▶ [Required work]:
Reproduce every record below exactly, with the pictures left out.

Spatial localization data:
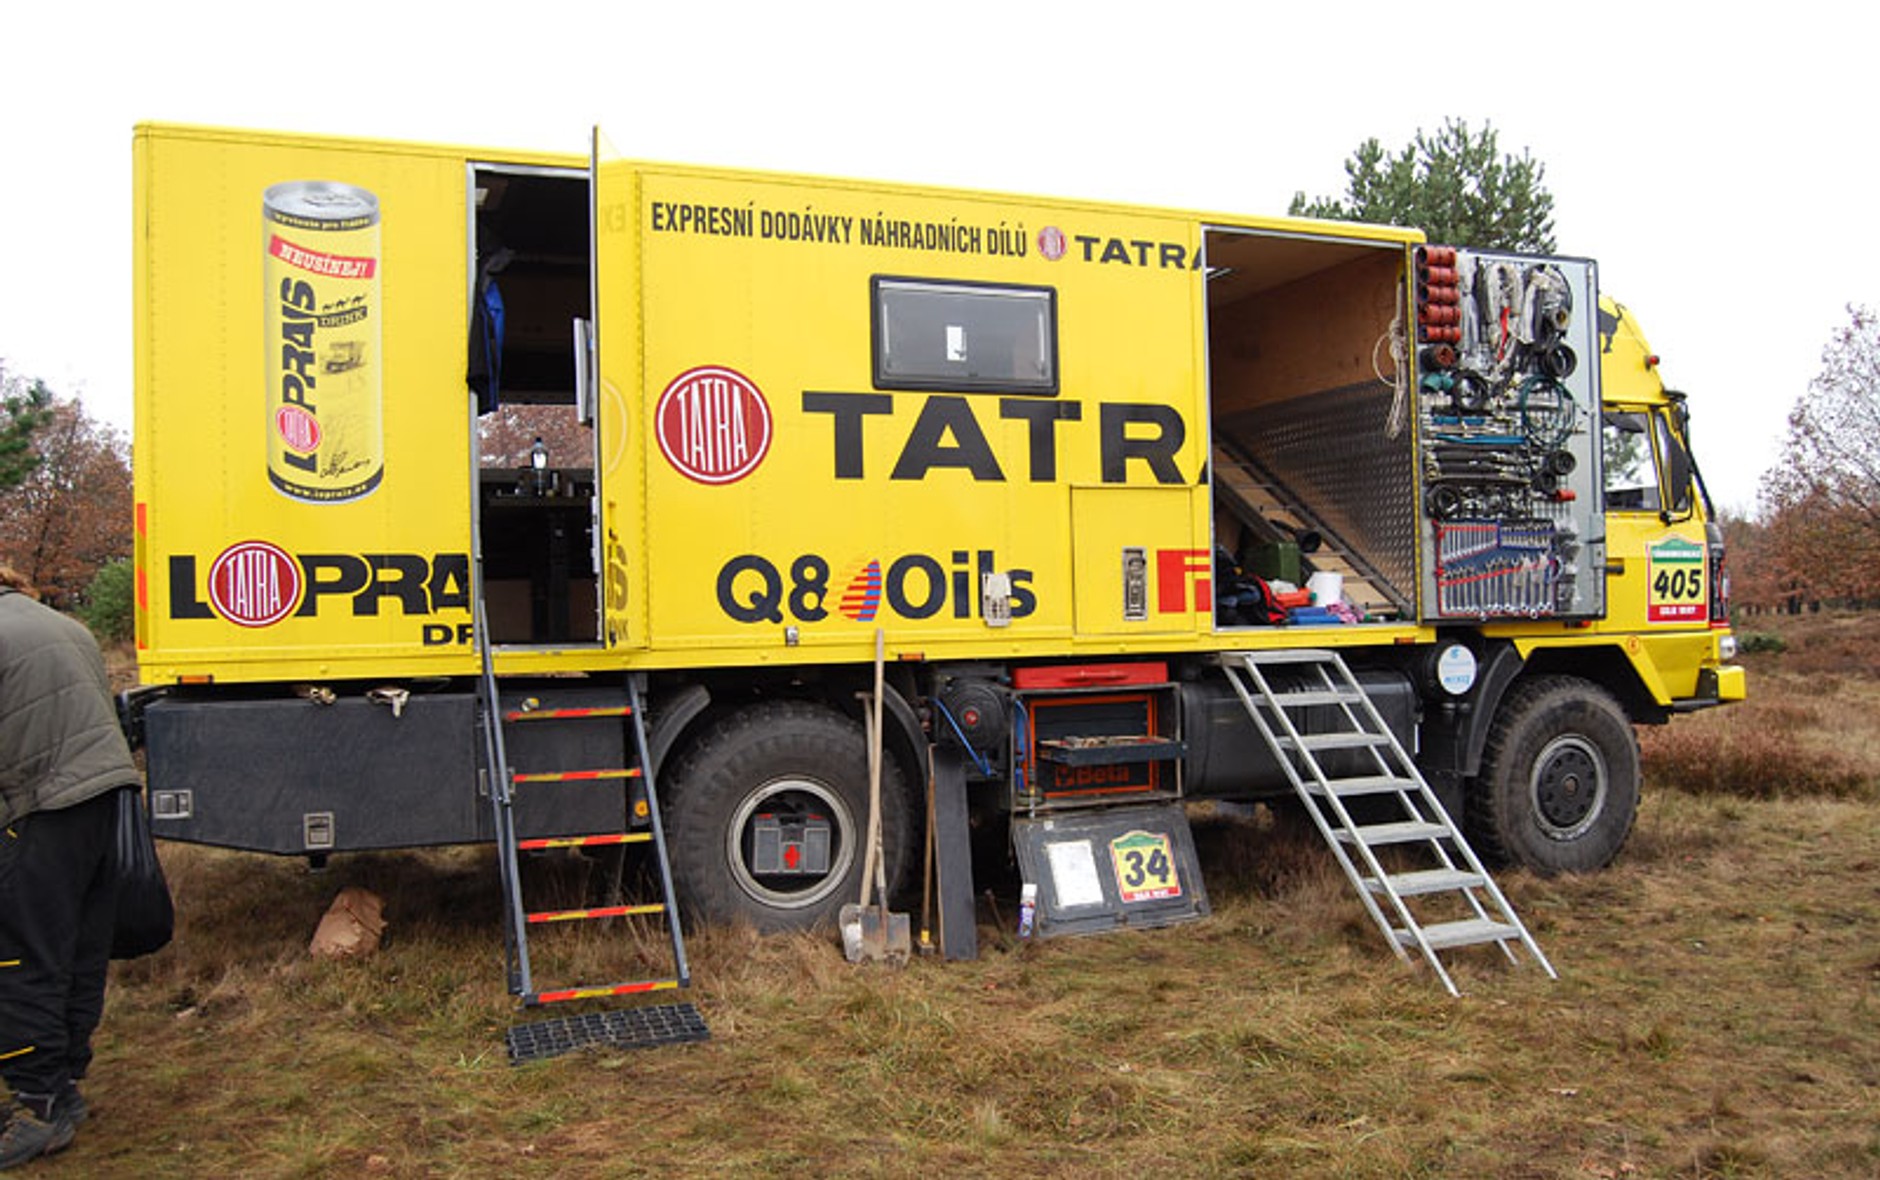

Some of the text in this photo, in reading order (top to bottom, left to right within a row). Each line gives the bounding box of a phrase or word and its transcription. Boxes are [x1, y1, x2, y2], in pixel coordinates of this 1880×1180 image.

[651, 200, 754, 237] EXPRESNÍ
[760, 205, 853, 244] DODÁVKY
[860, 211, 982, 254] NÁHRADNÍCH
[986, 220, 1028, 257] DÍLŮ
[676, 377, 749, 474] TATRA
[801, 391, 1208, 485] TATR
[716, 553, 831, 624] Q8
[1653, 568, 1702, 600] 405
[1125, 848, 1170, 887] 34

▶ [Expected output]:
Some of the text in this photo, in reading order (top to bottom, left to right within a row). Each line gives the bounding box of a phrase or word and its transcription. Boxes are [x1, y1, x2, y2], in pixel coordinates of this 1880×1180 image.

[651, 200, 754, 237] EXPRESNÍ
[760, 205, 853, 244] DODÁVKY
[860, 211, 982, 254] NÁHRADNÍCH
[986, 220, 1028, 257] DÍLŮ
[676, 377, 749, 474] TATRA
[801, 391, 1208, 485] TATR
[716, 553, 831, 624] Q8
[1653, 568, 1702, 600] 405
[1125, 848, 1170, 887] 34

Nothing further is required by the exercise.